Source material: Begin

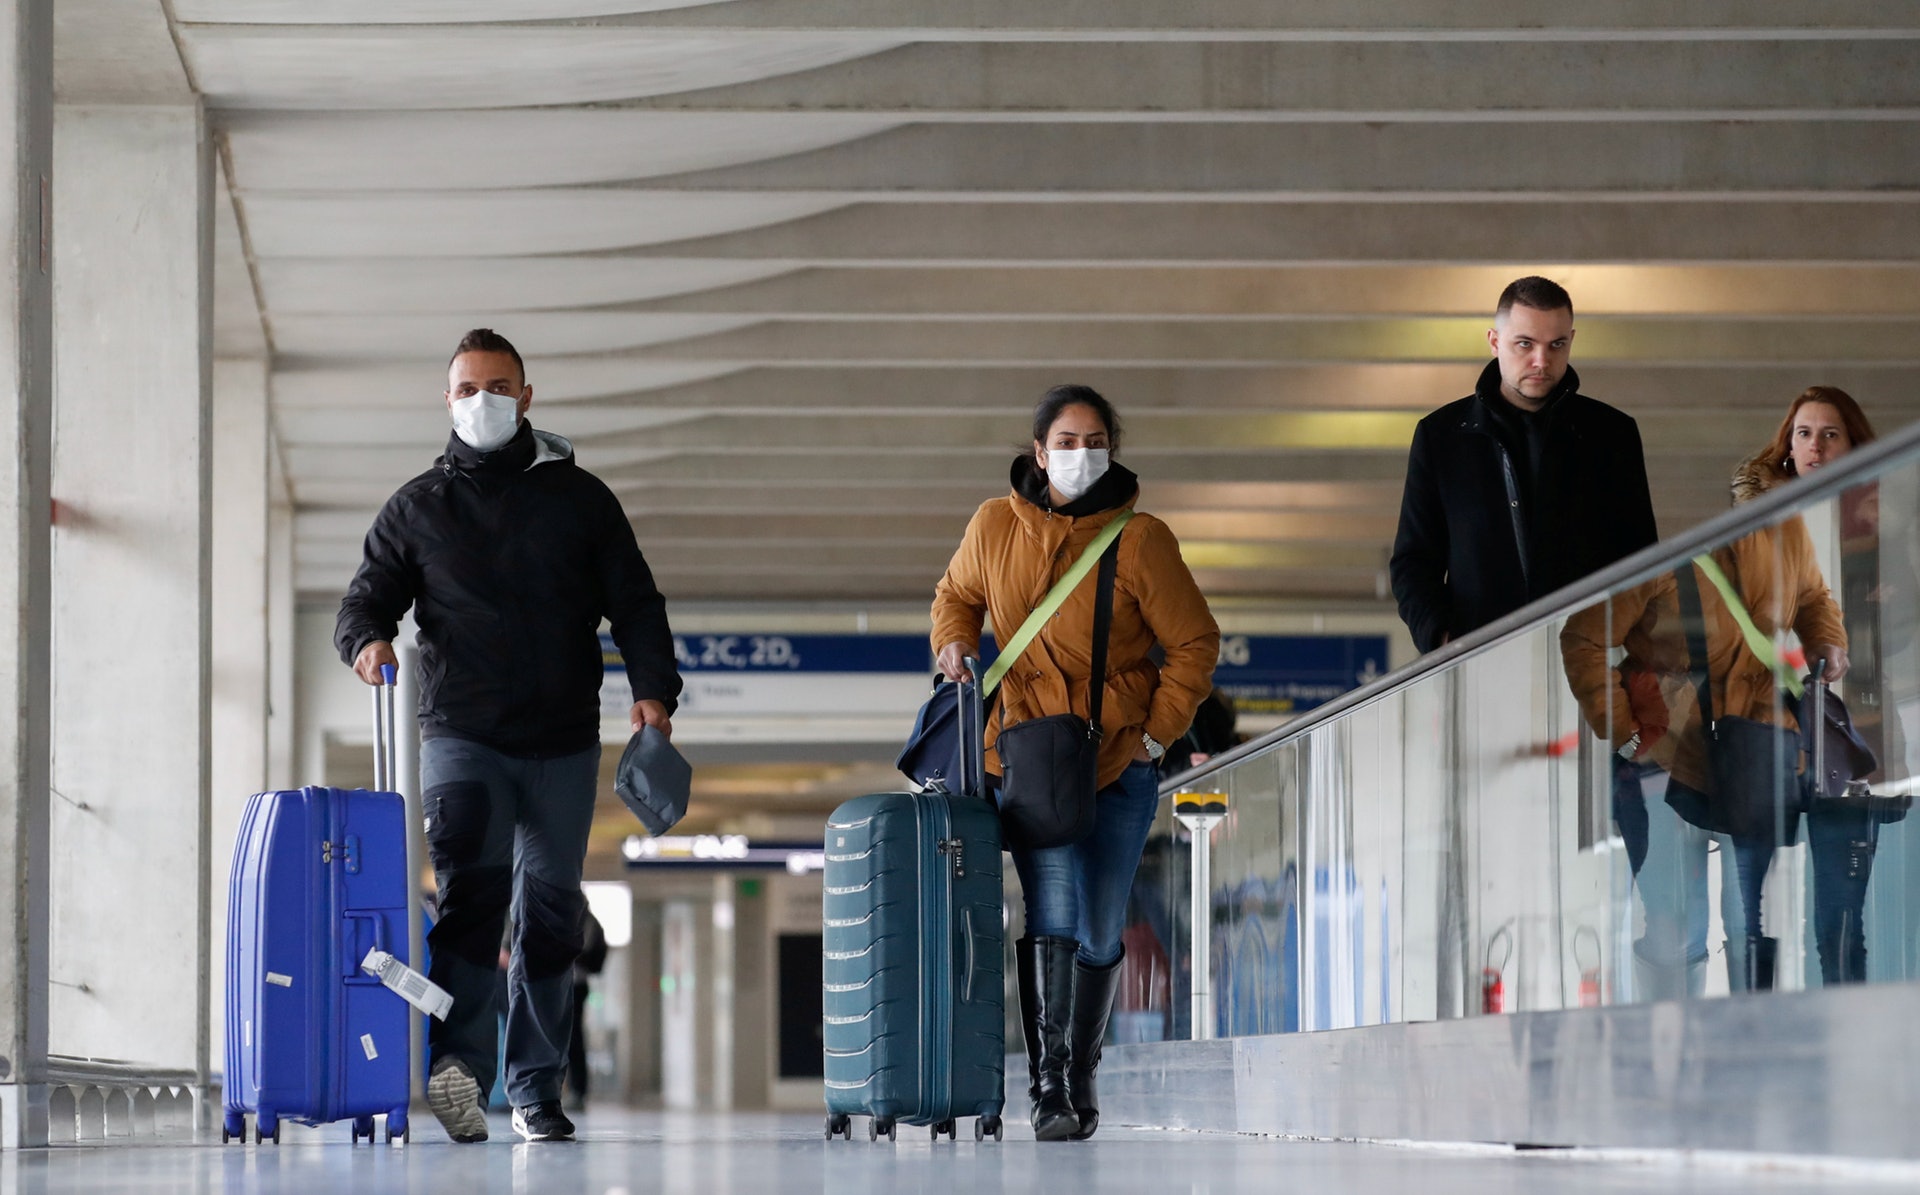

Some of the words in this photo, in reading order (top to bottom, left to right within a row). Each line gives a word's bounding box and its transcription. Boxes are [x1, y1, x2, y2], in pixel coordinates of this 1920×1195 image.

[701, 636, 747, 668] 2C,
[749, 636, 800, 668] 2D,
[377, 955, 393, 973] CDG
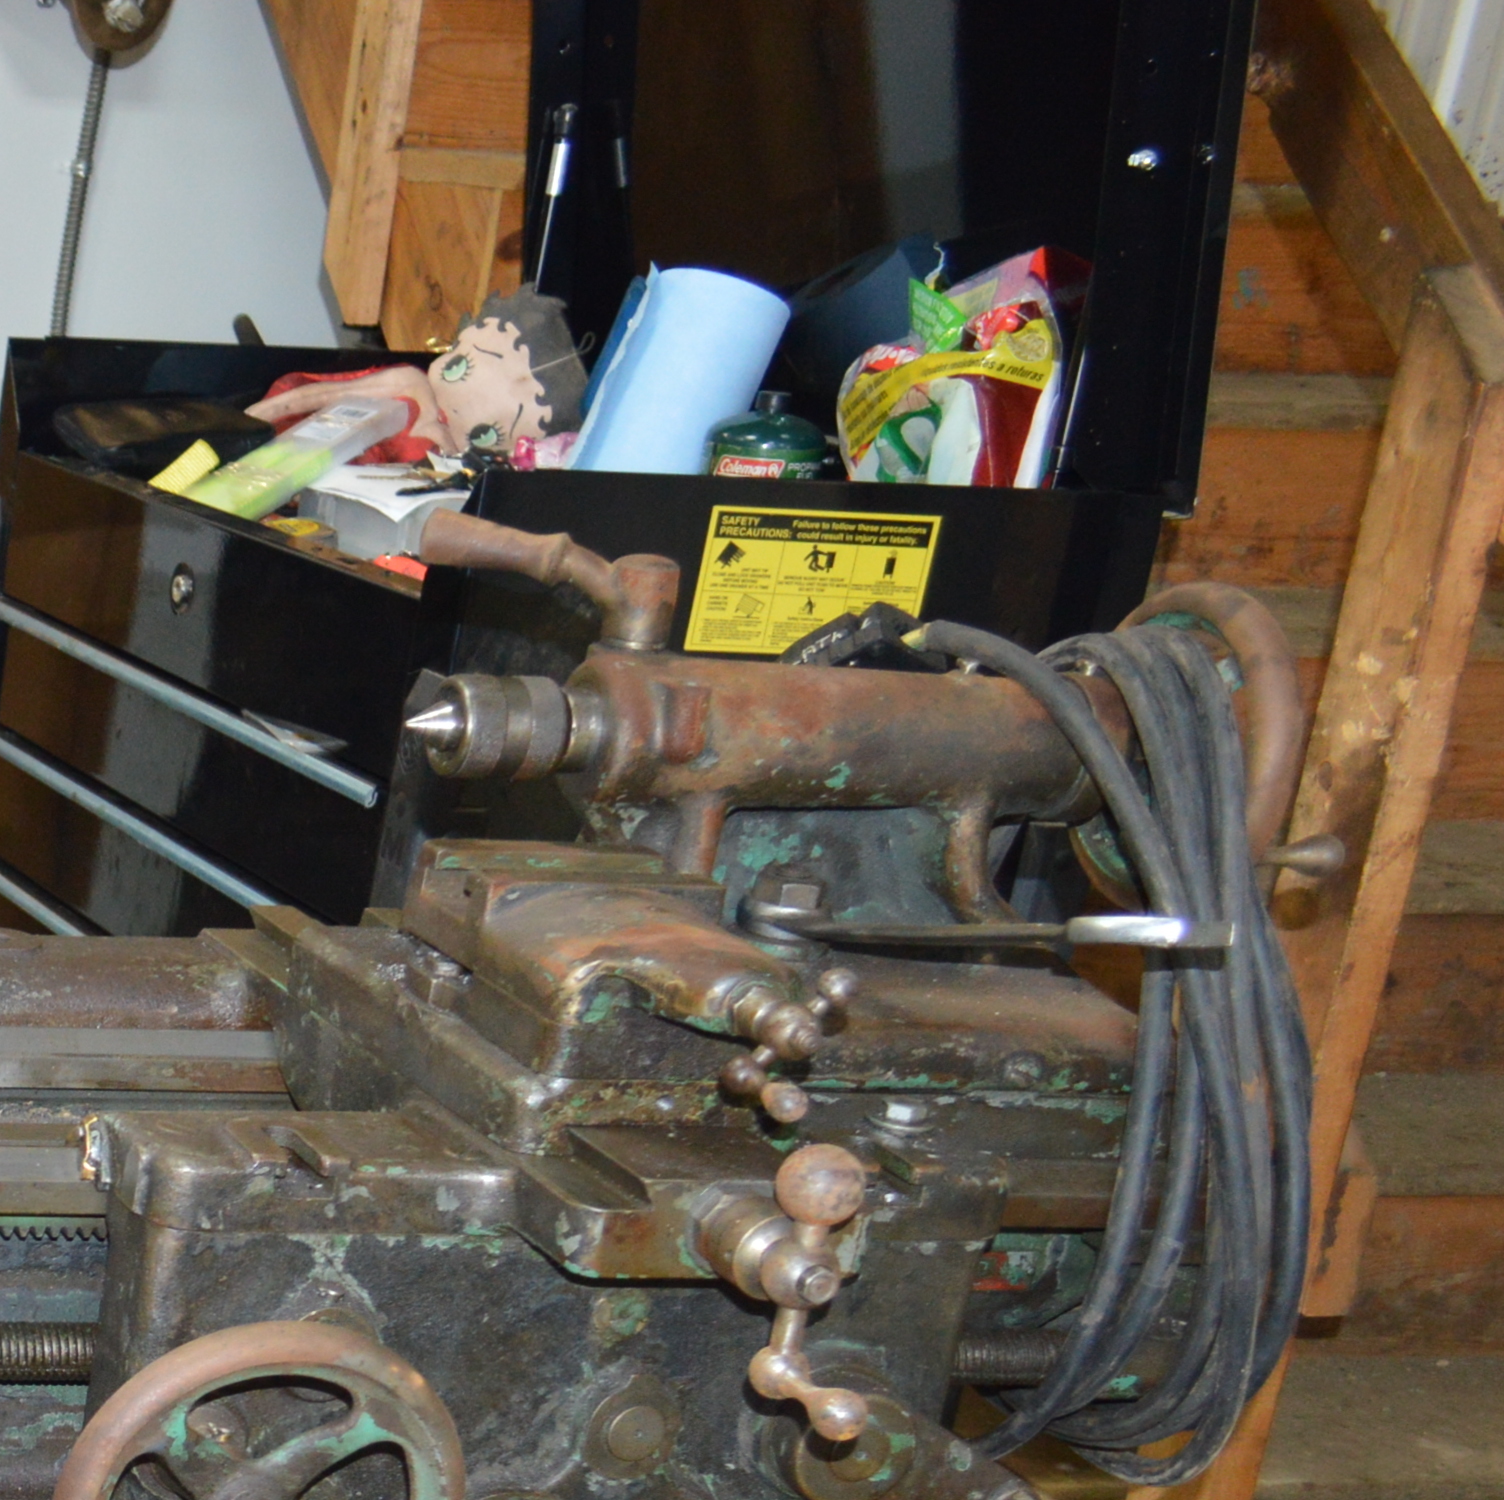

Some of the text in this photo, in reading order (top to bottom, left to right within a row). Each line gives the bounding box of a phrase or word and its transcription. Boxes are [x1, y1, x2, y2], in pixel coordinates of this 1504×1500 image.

[1005, 364, 1045, 383] roturas
[720, 459, 767, 476] Coleman
[721, 515, 760, 525] SAFETY
[793, 520, 927, 534] Failure to follow these precautions
[719, 526, 792, 539] PRECAUTIONS:
[796, 531, 820, 540] could
[821, 532, 844, 541] result
[854, 533, 878, 544] injury
[889, 535, 917, 545] fatality.

Source material: End

(Task details) Write out the lines from the one containing "Some of the text" through the last line of the records above. Include both of those lines and nothing else.

(Result)
Some of the text in this photo, in reading order (top to bottom, left to right within a row). Each line gives the bounding box of a phrase or word and its transcription. Boxes are [x1, y1, x2, y2], in pixel coordinates of this 1504×1500 image.

[1005, 364, 1045, 383] roturas
[720, 459, 767, 476] Coleman
[721, 515, 760, 525] SAFETY
[793, 520, 927, 534] Failure to follow these precautions
[719, 526, 792, 539] PRECAUTIONS:
[796, 531, 820, 540] could
[821, 532, 844, 541] result
[854, 533, 878, 544] injury
[889, 535, 917, 545] fatality.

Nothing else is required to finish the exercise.